Vehicles equipped with collision avoidance systems are able to anticipate collisions and automatically correct the steering or apply the brakes to avoid accidents. Some capabilities, such as forward-collision warning systems, have been around for several years, but they are found mostly on high-end luxury cars. As safety technology improves each year, collision-avoidance systems are becoming more affordable for mainstream cars.

The Insurance Institute for Highway Safety (IIHS) considers collision avoidance systems so important to safety that they have added it to their testing and safety evaluations. They have determined that these systems can prevent many car crashes resulting in serious injuries and fatalities often seen by a car accident lawyer. IIHS top overall safety scores are seen on cars with forward-collision warning systems and automatic braking systems. The National Highway Traffic Safety Administration (NHTSA) plans to make some collision-avoidance systems mandatory in the near future.

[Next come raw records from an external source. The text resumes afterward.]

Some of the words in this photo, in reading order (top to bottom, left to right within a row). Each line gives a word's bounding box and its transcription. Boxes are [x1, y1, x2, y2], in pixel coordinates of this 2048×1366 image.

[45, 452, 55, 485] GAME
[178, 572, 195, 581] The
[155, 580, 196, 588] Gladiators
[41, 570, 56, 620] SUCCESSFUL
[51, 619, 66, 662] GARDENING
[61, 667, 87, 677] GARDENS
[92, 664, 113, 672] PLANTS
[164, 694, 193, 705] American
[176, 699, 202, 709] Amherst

Collision Avoidance Technology

Collision avoidance safety systems rely on a number of cameras, lasers, sensors, and short- and long-range radar to monitor things that are going on around a vehicle. These safety systems sense and see other vehicles, traffic signals, road signs, as well as motorcycles, bicycles, and pedestrians. They input information into a computer system that prompts some type of action from the car or the driver. To get the driver’s attention, the computer may issue alerts or warnings such as a flashing dashboard light, a series of beeps, a tug on the driver’s seatbelt, or a vibration in the steering wheel. If the driver doesn’t respond, more advanced systems will activate the braking system.

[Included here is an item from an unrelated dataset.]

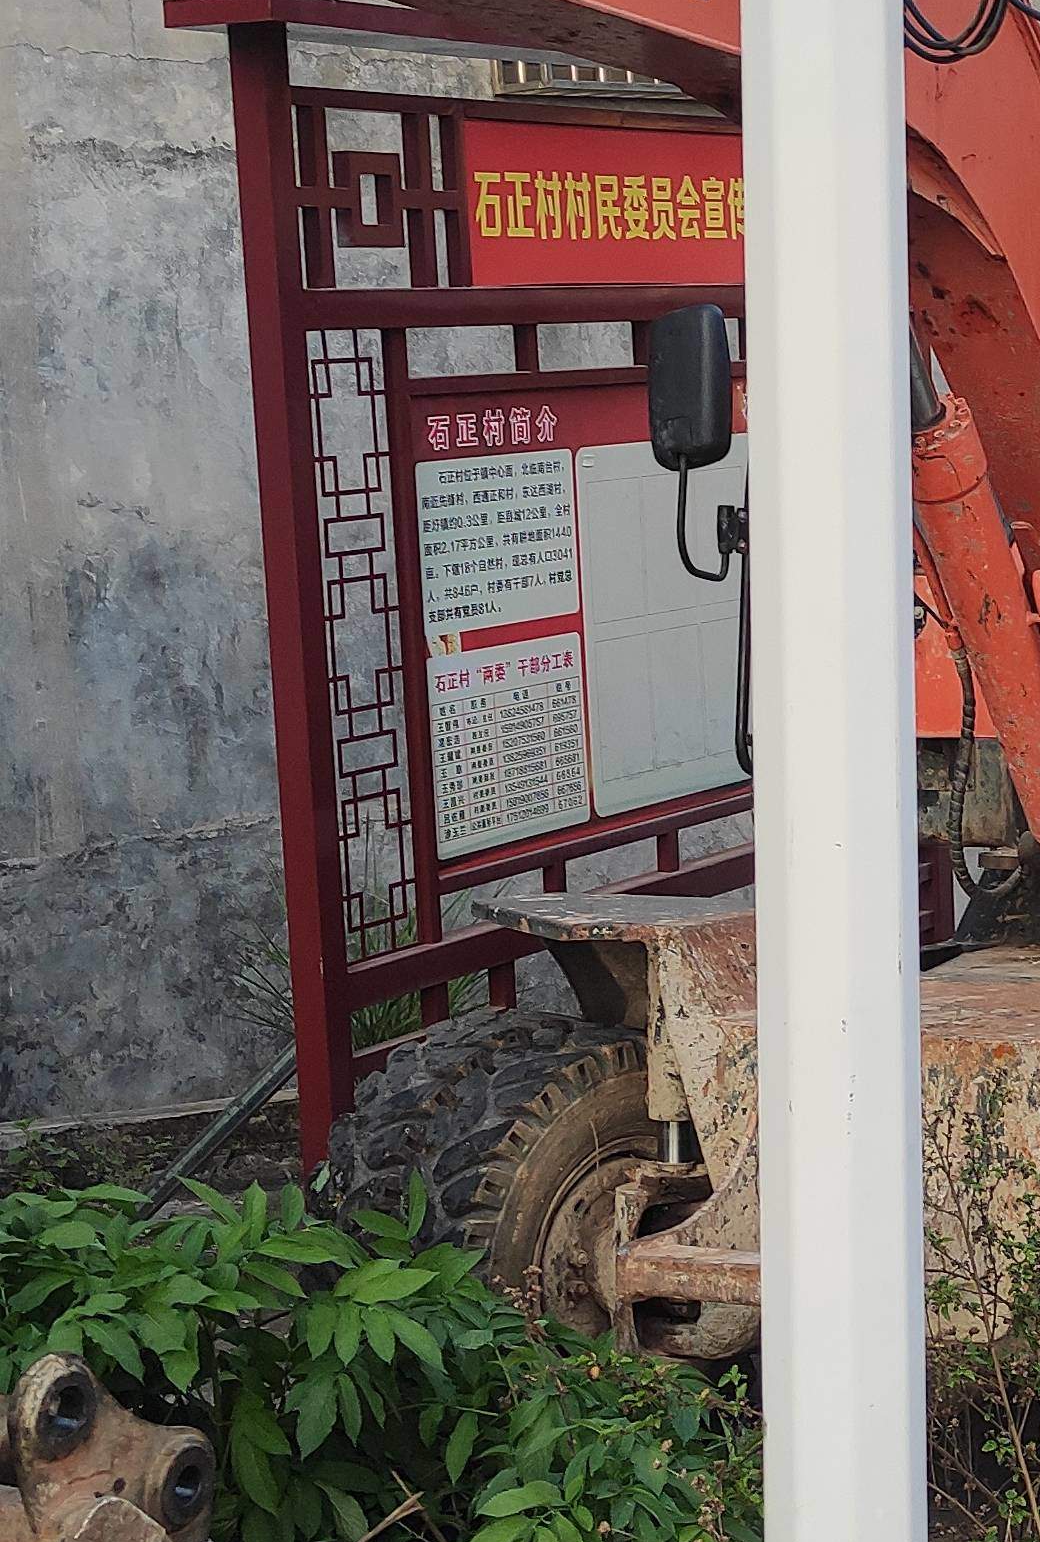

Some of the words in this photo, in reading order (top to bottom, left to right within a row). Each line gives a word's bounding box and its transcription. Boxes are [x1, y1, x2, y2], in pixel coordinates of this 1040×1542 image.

Forward-collision warning systems alert drivers with a series of audible sounds when they are getting too close to the car ahead of them. They also pre-charge the braking system to prepare for crash impact. Cross-traffic warning sensors alert drivers to cars that are approaching from the sides. The alert is often an audible chirp and a visual cue in either the outside side mirror or the rear camera’s dash display. More advanced systems can also pick up bicycles and pedestrians. Cross-traffic alert systems are especially useful for drivers who need to back into a traffic lane when adjacent parked cars obscure the view.